In the Lateral Inhibition Model (above), the SOP (sensory organ precursor) prevents neighbors from becoming SOPs [4095]. Arcs denote inhibitory signals that could be transmitted by diffusion or contact. Contact between nonadjacent cells would require extensions like the filopodia seen on moth scale cells [3051].)

In the Mutual Inhibition Model (below), every proneural cell inhibits adjacent cells, and the SOP can be chosen later [1563, 3022, 3270]. Uncommitted proneural cells are shaded, the SOP is black, and cells that succumb to inhibition (and become epidermal) are white. Degrees of shading reflect levels of AS-C proteins.
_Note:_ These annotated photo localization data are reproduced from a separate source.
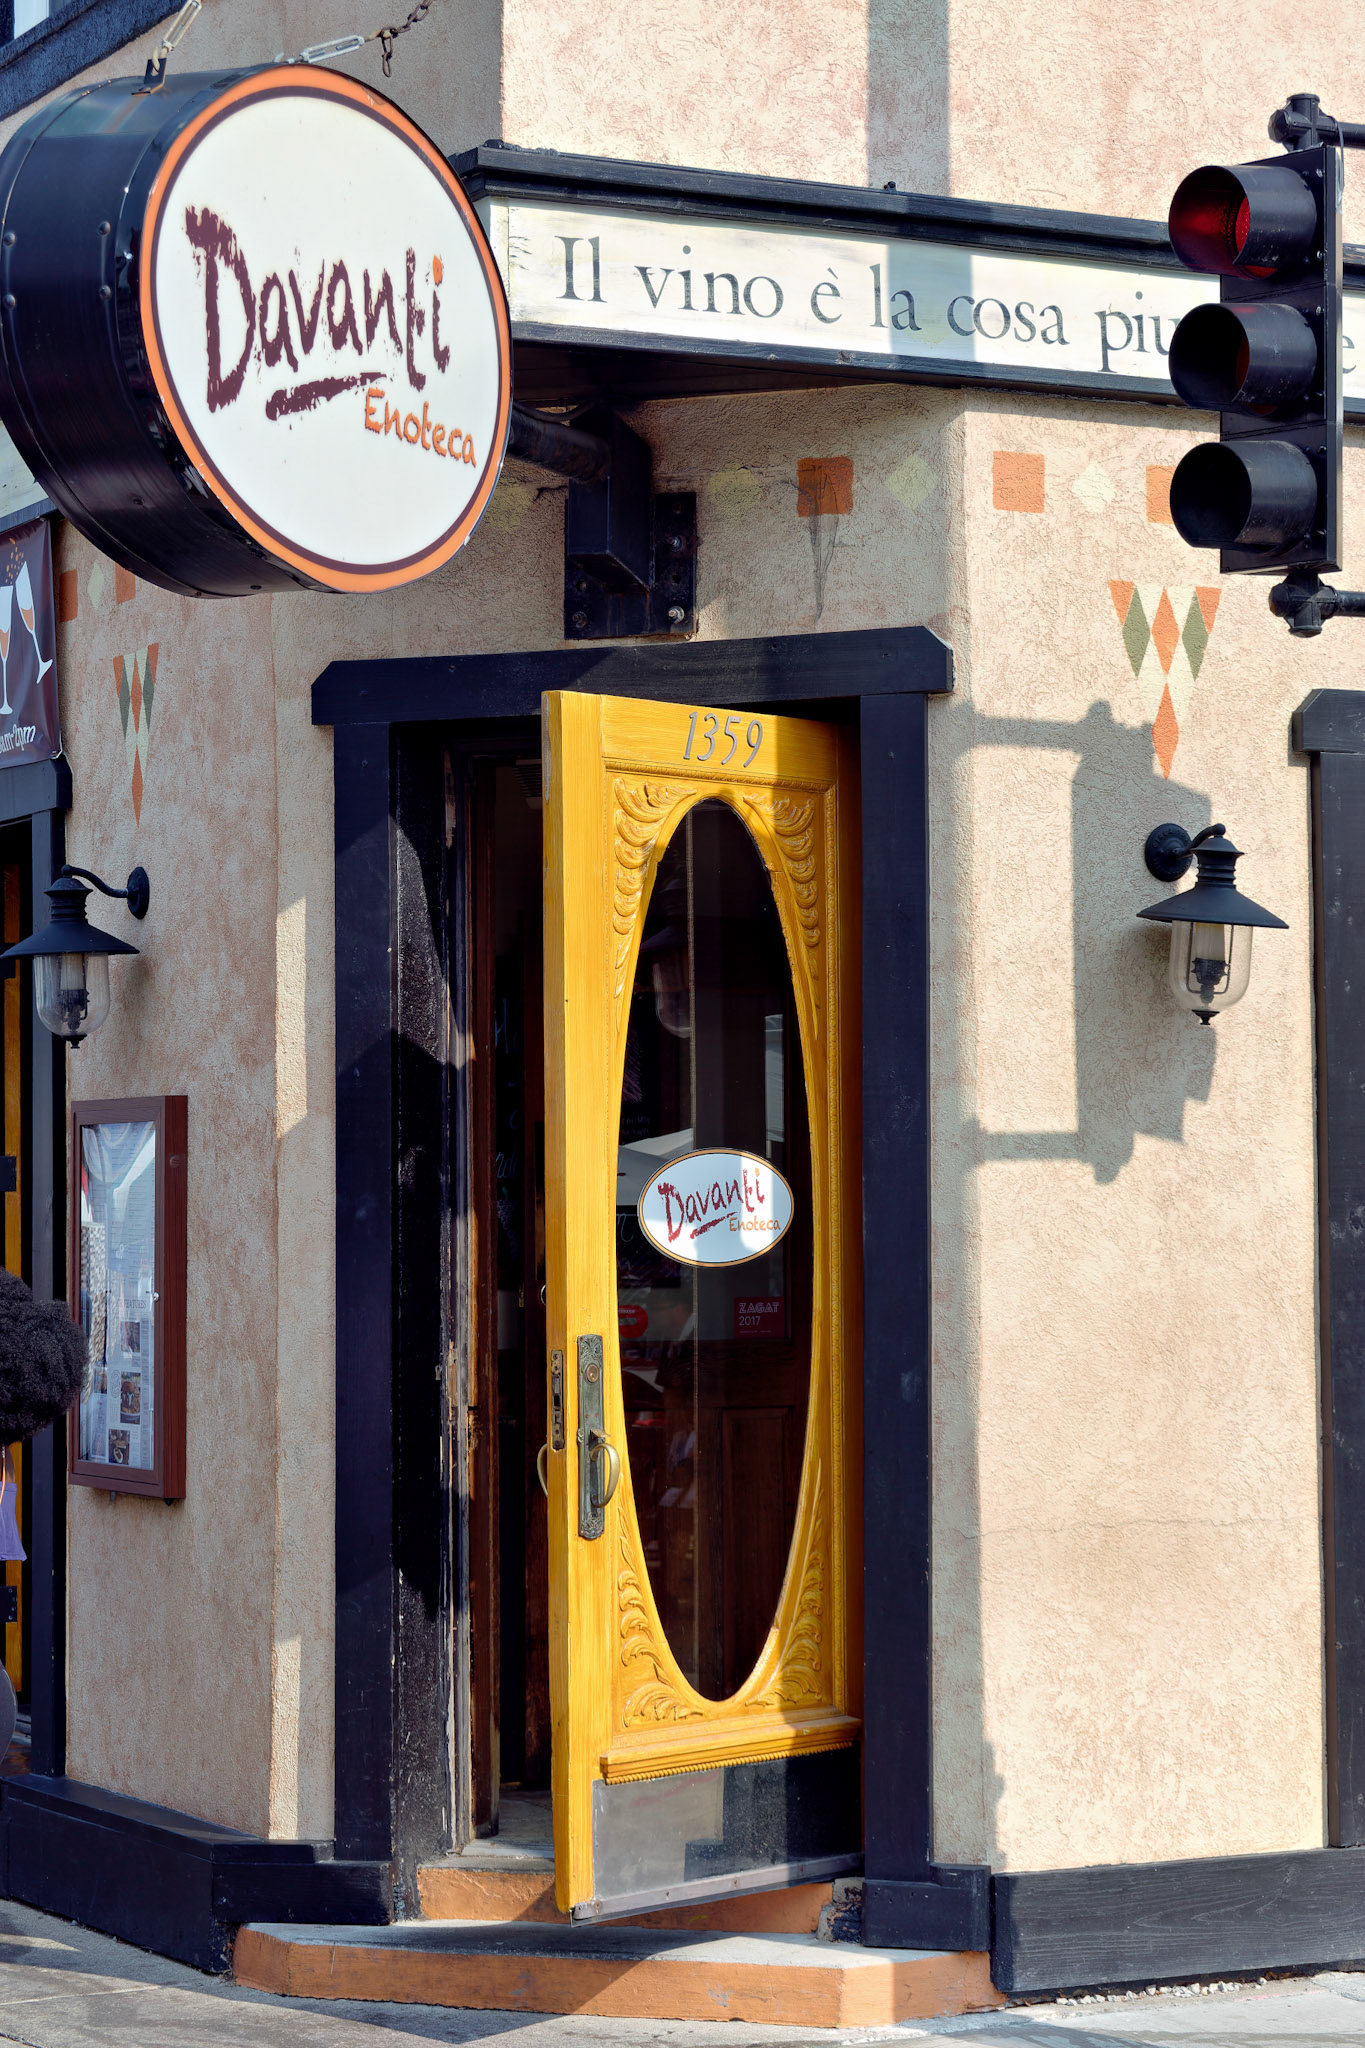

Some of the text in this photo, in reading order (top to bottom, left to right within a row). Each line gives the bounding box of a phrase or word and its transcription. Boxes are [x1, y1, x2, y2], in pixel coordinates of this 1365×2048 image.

[185, 205, 450, 413] Davanti
[554, 235, 608, 303] Il
[634, 245, 784, 318] vino
[810, 267, 842, 324] è
[869, 263, 922, 331] la
[947, 295, 1071, 345] cosa
[364, 387, 477, 468] Enoteca
[683, 711, 764, 768] 1359
[657, 1167, 765, 1243] Davanti
[729, 1216, 781, 1232] Enoteca
[738, 1301, 780, 1314] ZAGAT
[738, 1315, 761, 1326] 2017
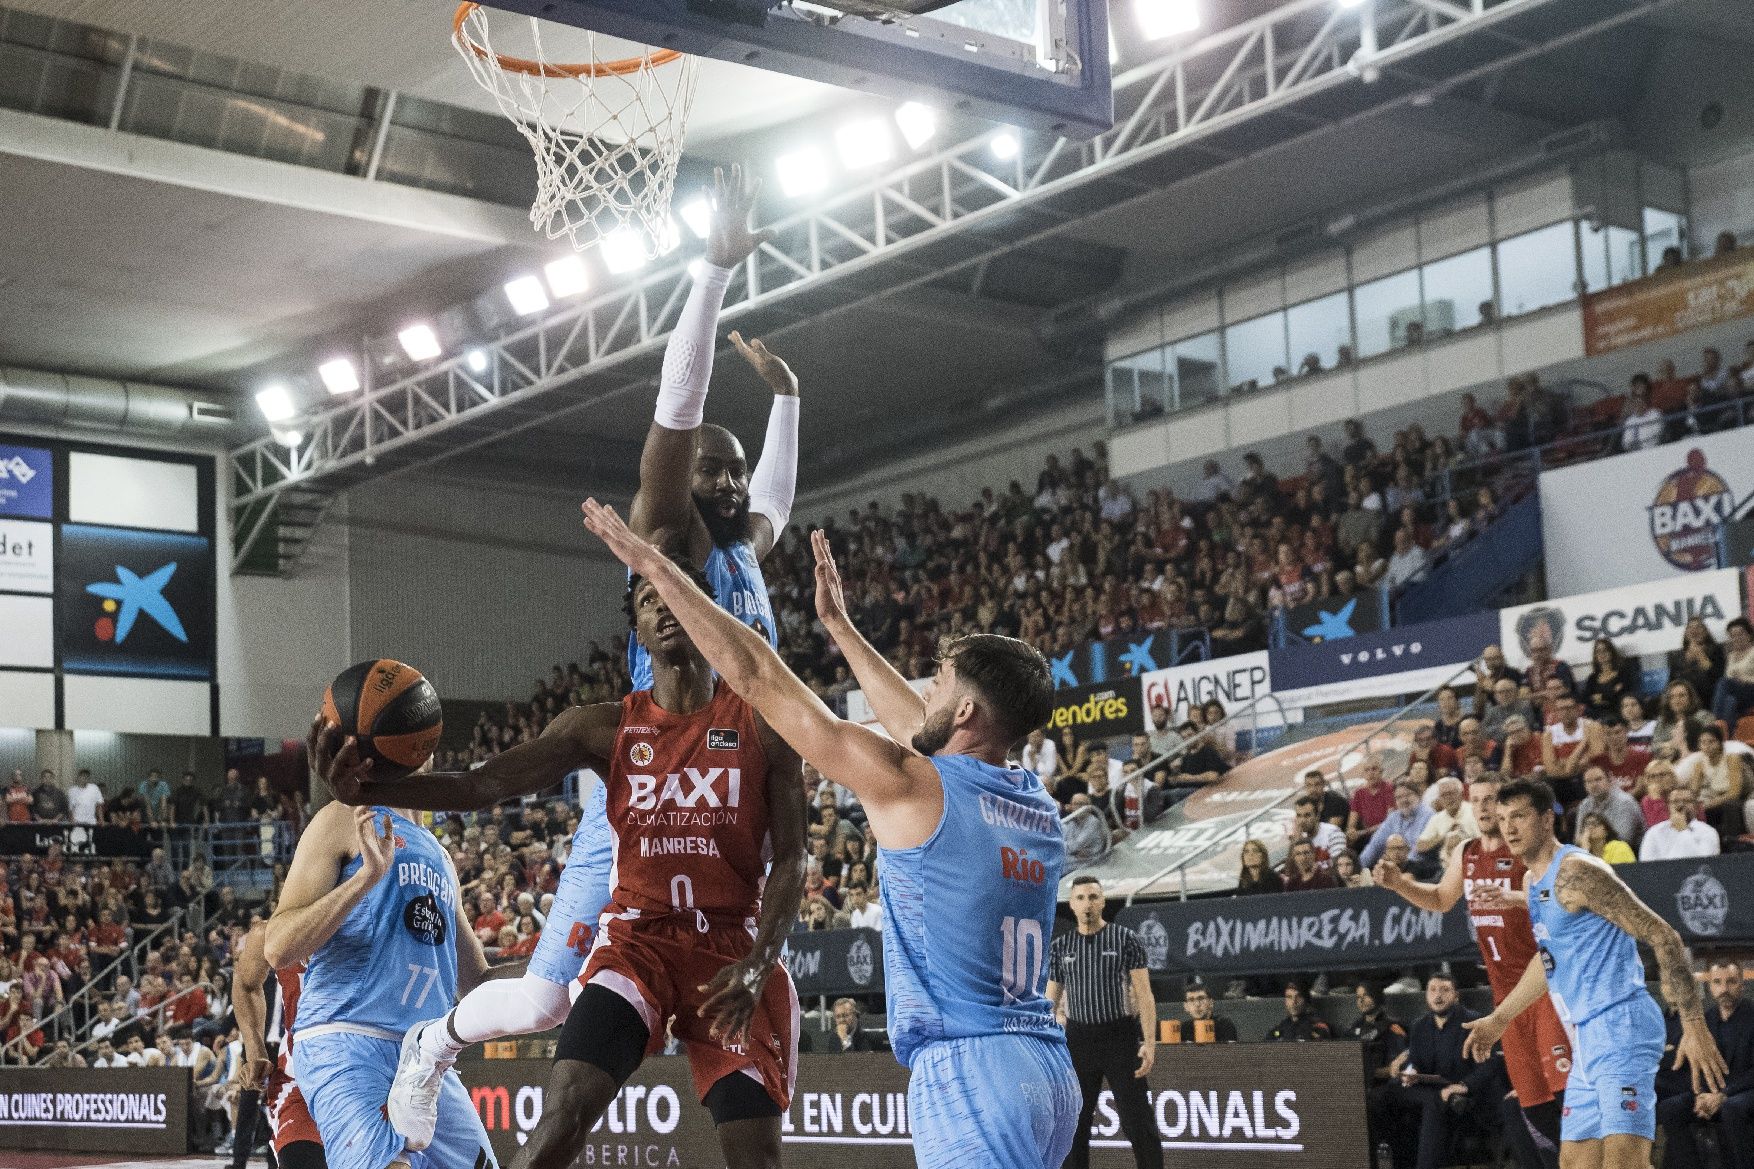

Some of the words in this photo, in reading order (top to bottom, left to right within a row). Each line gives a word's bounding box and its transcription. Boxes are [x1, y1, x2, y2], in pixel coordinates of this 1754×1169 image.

[1576, 593, 1724, 642] SCANIA
[1340, 641, 1423, 665] VOLVO
[1175, 666, 1266, 714] AIGNEP
[626, 767, 741, 811] BAXI
[640, 836, 721, 858] MANRESA
[1001, 915, 1043, 1006] 10
[1486, 936, 1502, 962] 1
[400, 963, 438, 1009] 77
[11, 1093, 54, 1120] CUINES
[56, 1093, 166, 1123] PROFESSIONALS
[803, 1092, 843, 1133] EN
[852, 1092, 912, 1135] CUI
[576, 1144, 680, 1167] BERICA
a, b. Supposed interactions at different stages. Cubes are individual cells, and inscribed circles are nuclei. a. Initially all cells are equivalent in the extent to which they emit (Delta ligand) and receive (Notch receptor) inhibitory signals, but this balance is unstable because each cell's AS-C (achaete-scute Complex) feeds back on itself in a loop that traverses the other cell [1458]. The feedback is positive because the loop has two negative steps. (Arrows denote activation; cross-barred (–|) lines denote repression.) Any asymmetry will be amplified, so that if one cell is slightly more inhibited, its AS-C and Delta activities will wane, as will its ability to inhibit. Amplification is damped by a separate loop that uses the EGFR pathway (not shown) [917]. Other factors may also prevent cells from stably expressing both Notch and Delta [990, 2839]. b. Eventually this cell shuts OFF its AS-C and becomes epidermal. Conversely, the cell that is less inhibited keeps increasing its AS-C activity, and at some point crosses a threshold that triggers an autocatalytic loop which keeps the AS-C switched ON. By this stage the 'winner' has purged its Notch receptors, and the 'loser' has purged its Delta ligands.
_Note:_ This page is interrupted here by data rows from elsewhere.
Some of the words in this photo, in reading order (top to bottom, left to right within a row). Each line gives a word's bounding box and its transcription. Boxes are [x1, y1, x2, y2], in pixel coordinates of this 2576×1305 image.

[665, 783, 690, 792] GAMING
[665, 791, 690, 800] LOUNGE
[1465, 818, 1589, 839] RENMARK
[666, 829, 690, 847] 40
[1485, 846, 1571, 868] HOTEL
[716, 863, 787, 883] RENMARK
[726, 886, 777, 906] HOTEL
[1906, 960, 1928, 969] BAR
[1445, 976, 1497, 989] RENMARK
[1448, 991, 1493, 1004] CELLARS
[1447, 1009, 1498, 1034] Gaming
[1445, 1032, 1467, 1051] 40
c, d. Two of the possible outcomes for a 5-by-5 array of cells undergoing mutual inhibition [1614, 1805, 4269]. (Another is parallel stripes.) The intended outcome -- a single SOP among 25 cells -- is actually impossible. One way out of this dilemma is to imagine that the inhibitory arc of the loop is functional, but the excitatory arc is disabled. In that case, cells would 'damp' one another but would not become SOPs based on how severely they themselves are damped. Another means of biasing the SOP decision would then be needed -- perhaps involving underlying prepattern factors or an overlay of Extramacrochaetae protein [1458].

This montage is adapted from [1458, 3866, 4115] (a, b) and [1181, 1614, 1889, 4269] (c, d). N.B.: In the wing, Delta-Notch signaling manages to create 3-cell wide stripes that become veins [989] by a feedback mechanism that seems similar [1951] but may not be (cf. Ch. 6). Thus, the same circuit may be used in different ways in different contexts [444, 627, 1457, 2018]. Odd results in the eye have raised questions, however, about the circuit's versatility . . . and validity [184]. See also App. 7.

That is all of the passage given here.